Domaine de Pignan Châteauneuf-du-Pape “Coralie et Floriane”
WHY WE LOVE IT
- The vines are planted in three lieux-dits: les Bois de la Ville, le Bosquets, and of course, Pignan.
- The average age of the vines these grapes grow from are 80 to 130 years old
- Domaine de Pignan’s top-end cuvee is named after the great-great-great-granddaughters, Corelie and Floriane, of the original owner.
- Limited production with only about 170 cases made per year.
Varietal Composition: 33% Grenache (130 years-old), 33% Mourvèdre (100 years-old), 33% Syrah (80 years-old)
Elaboration: Grapes are sorted and picked by hand. Maceration lasts from 25 to 30 days, in temperature control vats. De-stalking, regular release and treading. The wine is aged in a combination of 25% new, French oak barrels, demi-muid and tank for 12 to 18 months before bottling.
Tasting Notes: Very complex wine, this special reserve is unusual by the aromatic intensity of very ripe black fruits and spices (licorice, cloves). A full-bodied attack leaves the place quickly to gentle tannins, aromas of blackcurrant and blueberry with an overtone of thyme. The final is grandiose.
2012: 92 pts – Wine Advocate
2015: 95 pts – Wine Advocate, 2015: 90 pts – Jeb Dunnuck, 2015: 90-92 pts – Vinous
Domaine de Pignan has a rich, long history in Châteauneuf-du-Pape. Antoine and Sophie Pécoul created the estate in 1855, with the acquisition of 5 hectares on the hillside next to the Pope’s castle. The property would be known as Domaine Antoine Pécoul.
The estate continued to be a family-owned property, remaining in the hands of the same family since it was originally created and passed down to multiple generations of family members. Since those early days, the subsequent generations have managed to triple the size of vineyards to their current size of 15 hectares.

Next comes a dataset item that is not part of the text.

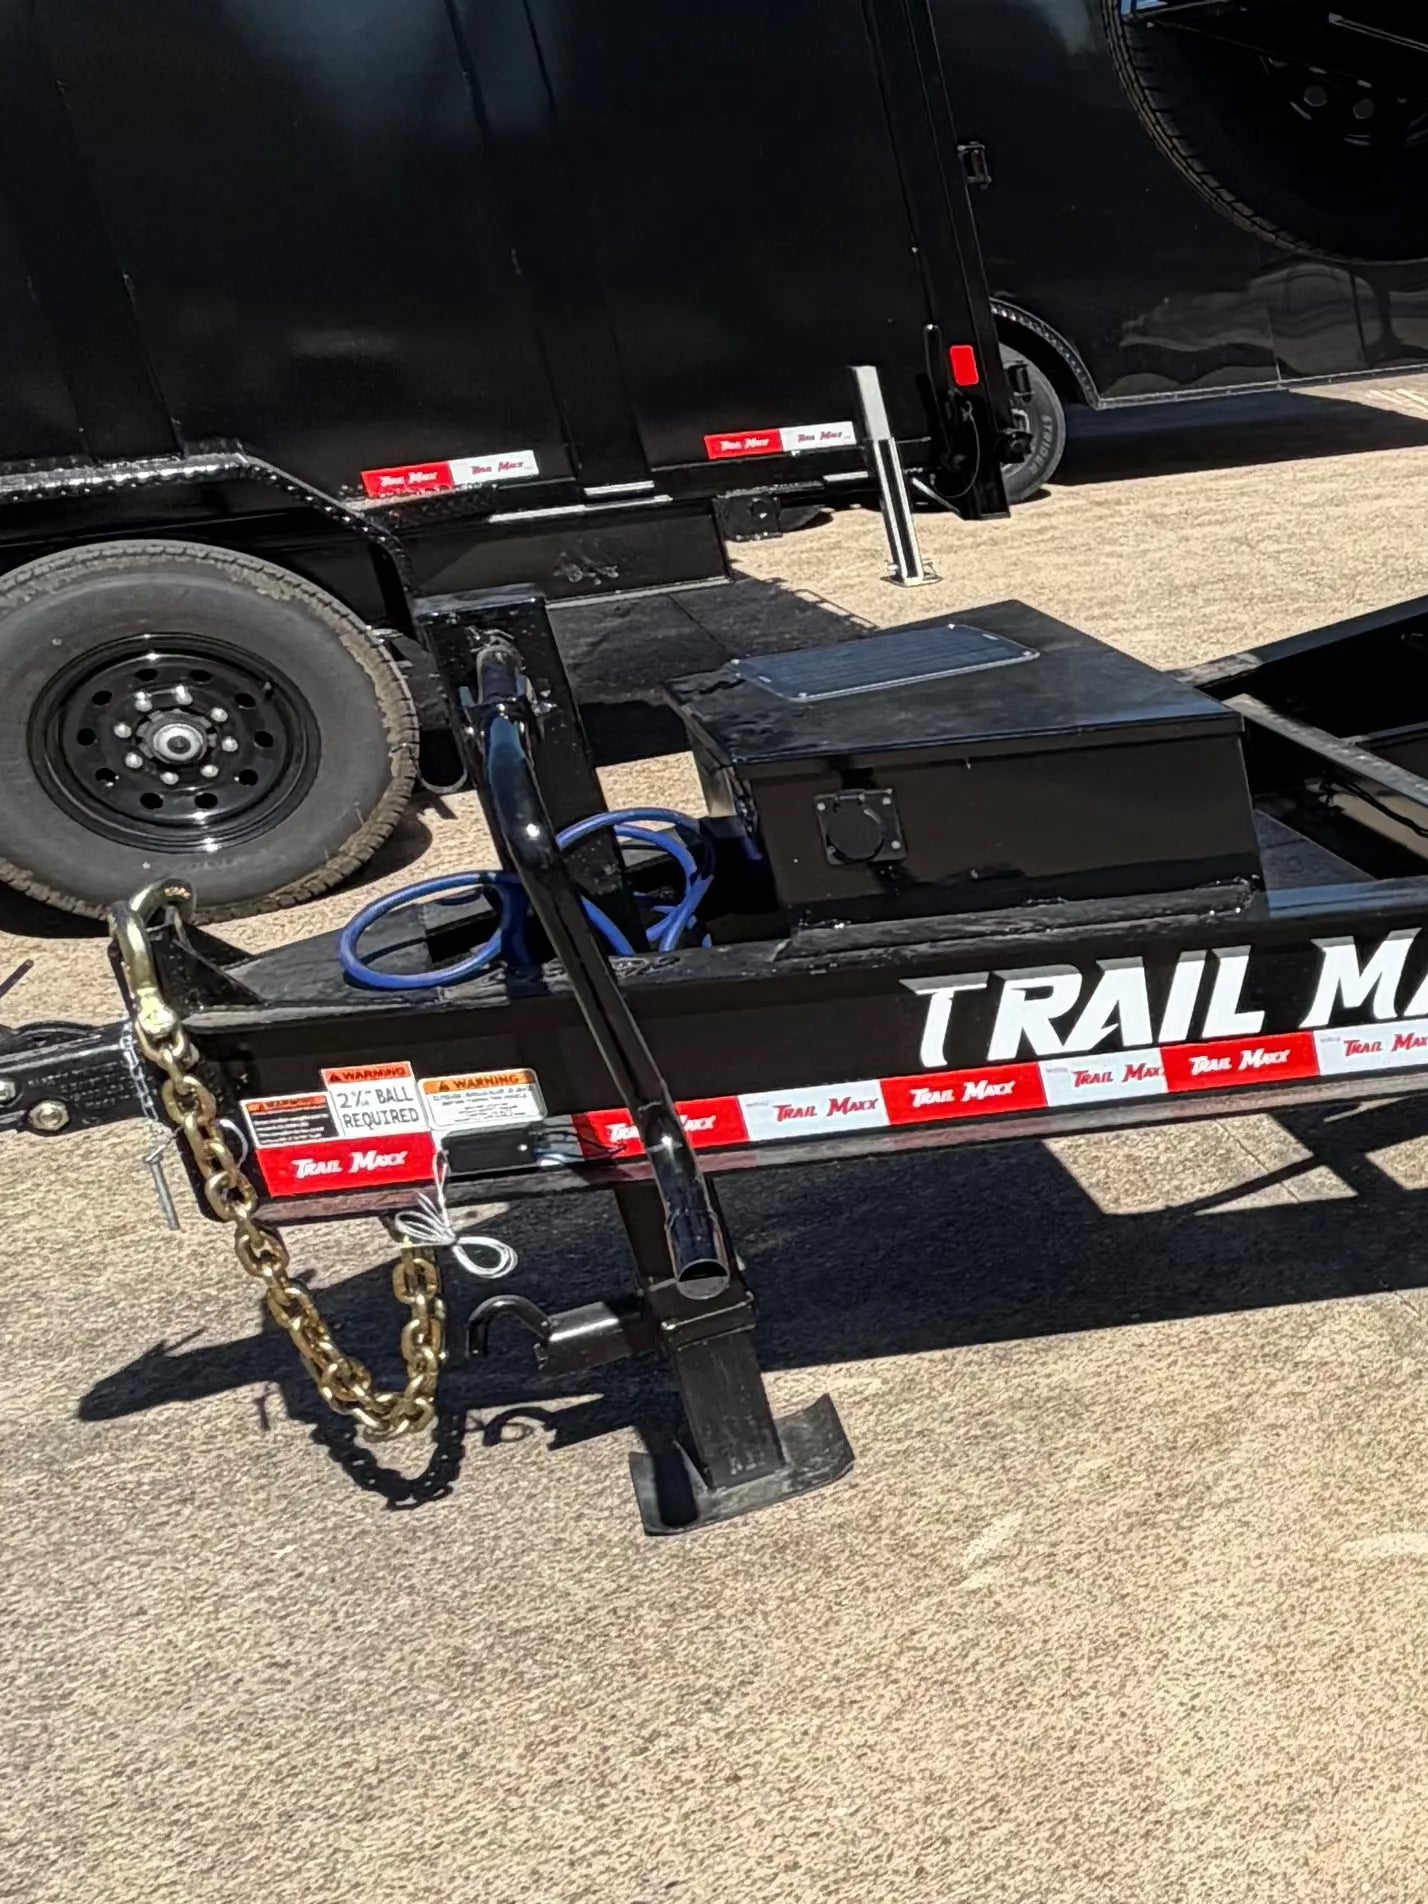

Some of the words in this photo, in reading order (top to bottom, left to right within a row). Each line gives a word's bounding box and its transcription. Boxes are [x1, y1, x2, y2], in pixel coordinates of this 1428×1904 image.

[900, 945, 1265, 1068] TRAIL
[375, 1086, 414, 1104] BALL
[342, 1107, 420, 1130] REQUIRED

Prior to 1960, the majority of the harvest was sold to negociants. Then in 1960, Louis and René Pécoul began producing, bottling, and selling their own wine under the Pécouls Frères label. The future was looking bright.
In 1989, Frédéric Charvin, the great, great, grandson of Antoine and Sophie, took charge of the estate, ushering in a new era and a new name for the estate: Domaine de Pignan. The future had arrived.